I wanted to understand:

  1. why do I see the warning in colab when I run h() individually but not when I run it with f() and g() in the same cell? and why does h() never shows a warning in Terminal Python(I think it is because stacklevel=2)? And how exactly running a warning code in colab different from running a warning code in Terminal Python?
  2. How can I make it so that a warning message is displayed every time f() is called, by me or by some wrapper function?
  3. How does stacklevel and skip_file_prefixes fit in all this?

Thank you :)


Solution

  • This is due to the default warning filter, which will only print the first occurrence of a warning for each location.
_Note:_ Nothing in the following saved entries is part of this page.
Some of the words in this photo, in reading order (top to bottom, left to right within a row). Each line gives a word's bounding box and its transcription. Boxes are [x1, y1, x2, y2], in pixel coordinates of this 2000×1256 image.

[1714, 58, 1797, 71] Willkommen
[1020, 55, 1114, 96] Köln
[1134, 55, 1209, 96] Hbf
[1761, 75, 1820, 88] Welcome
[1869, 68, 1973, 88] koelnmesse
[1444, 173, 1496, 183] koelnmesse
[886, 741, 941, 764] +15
With stacklevel=2, the warning location is where f() was called, which is <ipython-input-10-0d5243608655>:1 when you call f() directly in the notebook, and <ipython-input-9-e09ca081f372>:6 inside of g() when you call g() directly or indirectly via h(). The same logic applies to the terminal session. Note that if you call h() before g(), the warning will be printed after h() instead:

    Python 3.12.3 (main, Apr 17 2024, 00:00:00) [GCC 13.2.1 20240316 (Red Hat 13.2.1-7)] on linux
    Type "help", "copyright", "credits" or "license" for more information.
    >>> def f():
    ...     import warnings
    ...     warnings.warn("deprecated", DeprecationWarning, stacklevel=2)
    ... 
    >>> def g():
    ...     return f()
    ... 
    >>> def h():
    ...     return g()
    ... 
    >>> f()
    <stdin>:1: DeprecationWarning: deprecated
    >>> h()
    <stdin>:2: DeprecationWarning: deprecated
    >>> g()
    >>> g()
    >>> h()
    >>> 
    

    The inconsistency between the notebook and the terminal is probably this issue: https://github.com/ipython/ipython/issues/11207

    If you want the warning to be printed on every call, you can change the warning filter programmatically by running warnings.simplefilter("always").